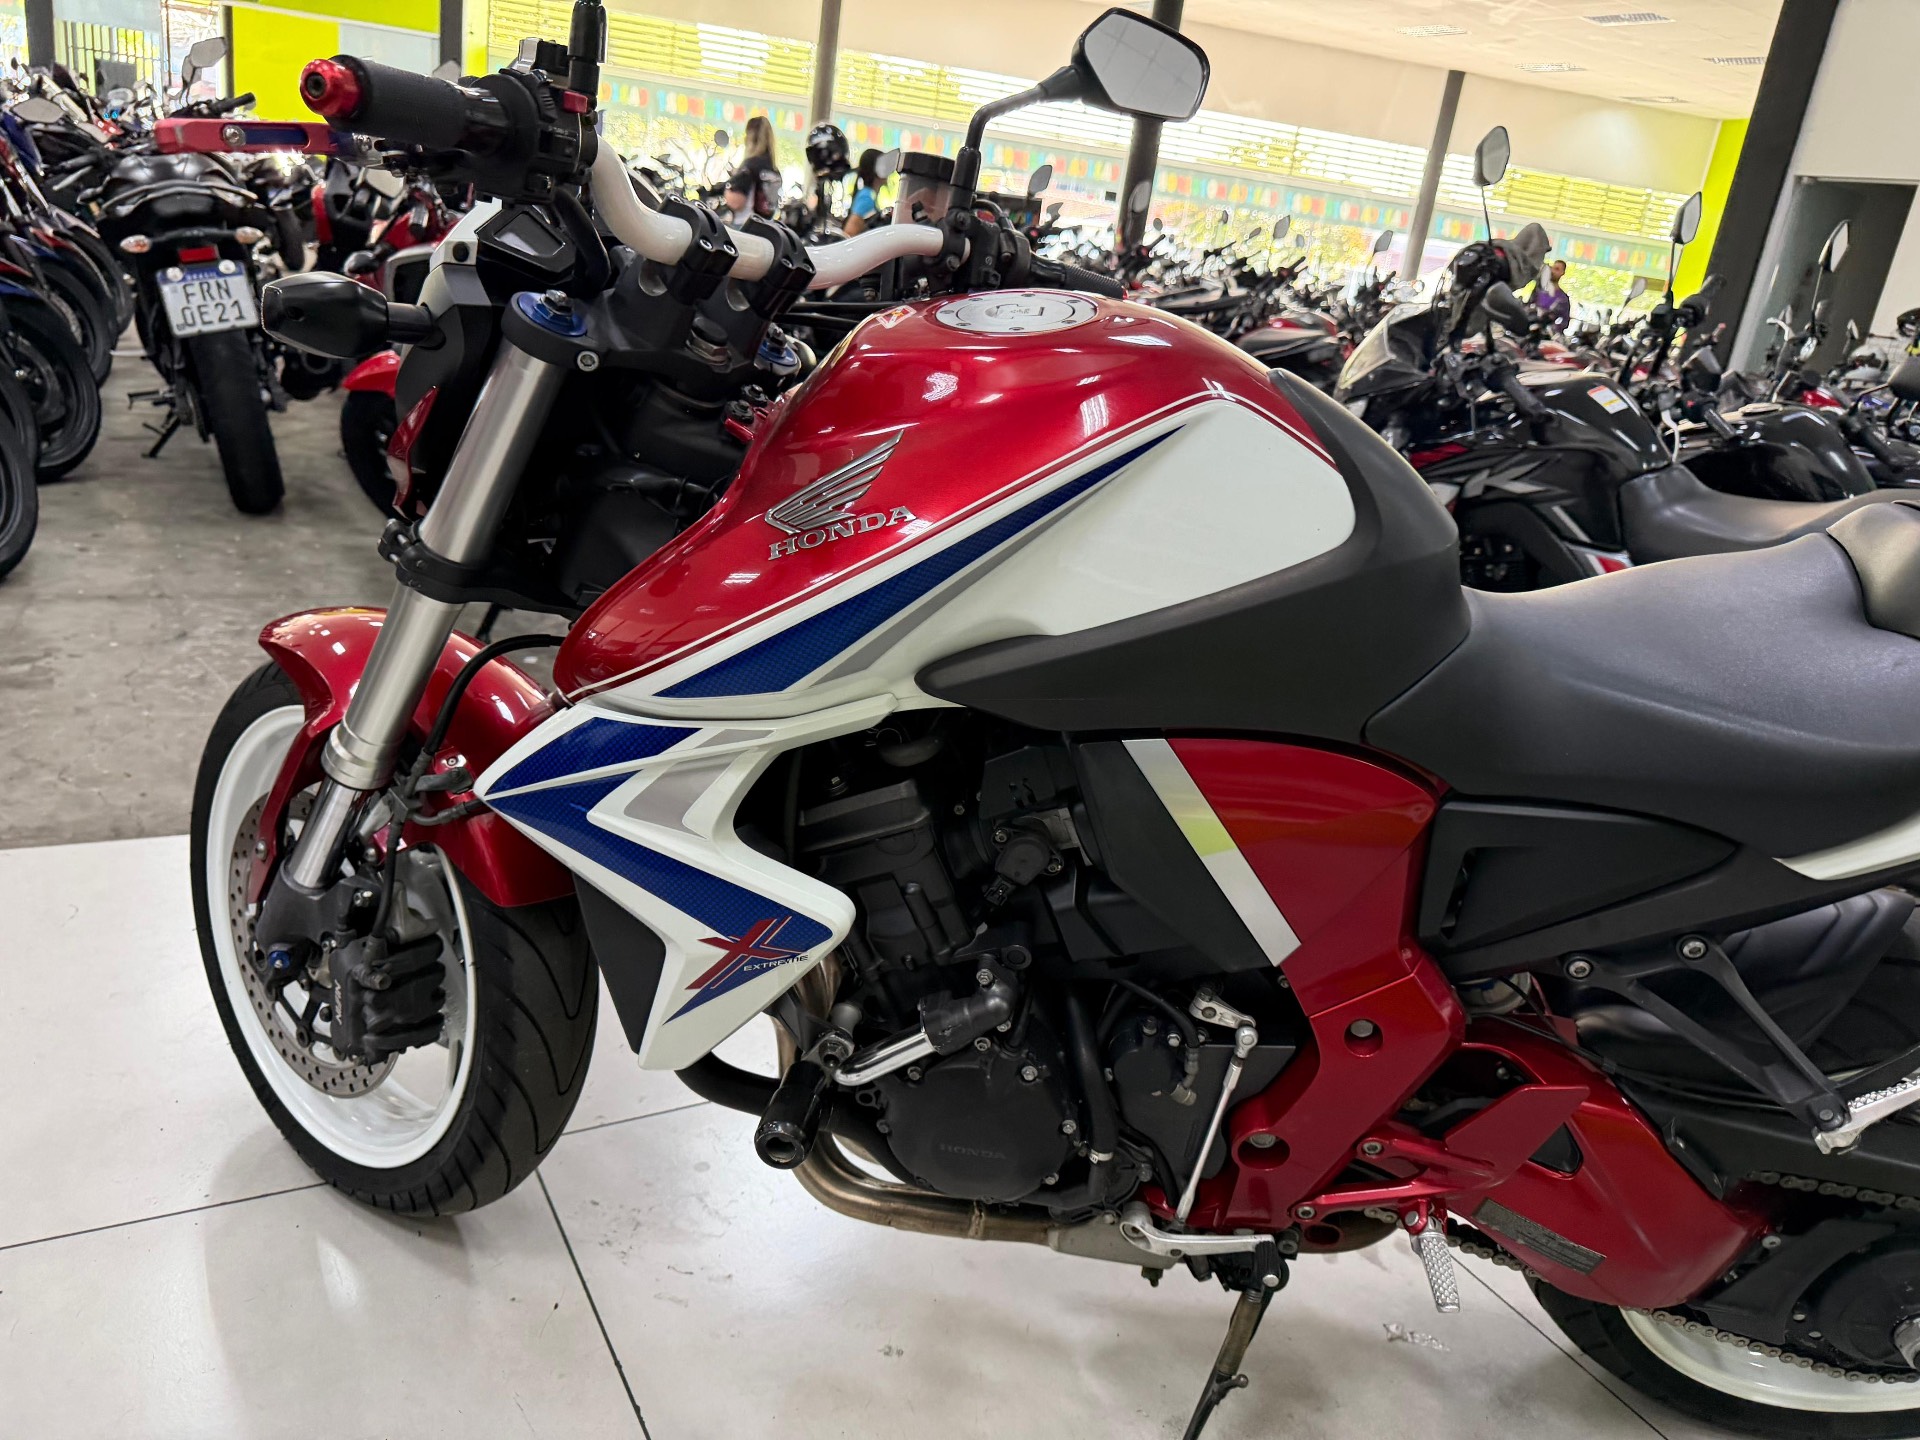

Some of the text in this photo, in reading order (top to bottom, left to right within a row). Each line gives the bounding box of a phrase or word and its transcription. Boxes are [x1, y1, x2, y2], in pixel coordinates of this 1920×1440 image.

[183, 279, 231, 304] FRN
[768, 505, 917, 560] HONDA
[743, 955, 809, 972] EXTREME
[940, 1143, 1007, 1160] HONDA

■ ■ ■ ■ ■

Task to complete: An exact copy of the whole listing is required, minus the pictures.

Written response:
Some of the text in this photo, in reading order (top to bottom, left to right within a row). Each line gives the bounding box of a phrase or word and its transcription. Boxes are [x1, y1, x2, y2], in pixel coordinates of this 1920×1440 image.

[183, 279, 231, 304] FRN
[768, 505, 917, 560] HONDA
[743, 955, 809, 972] EXTREME
[940, 1143, 1007, 1160] HONDA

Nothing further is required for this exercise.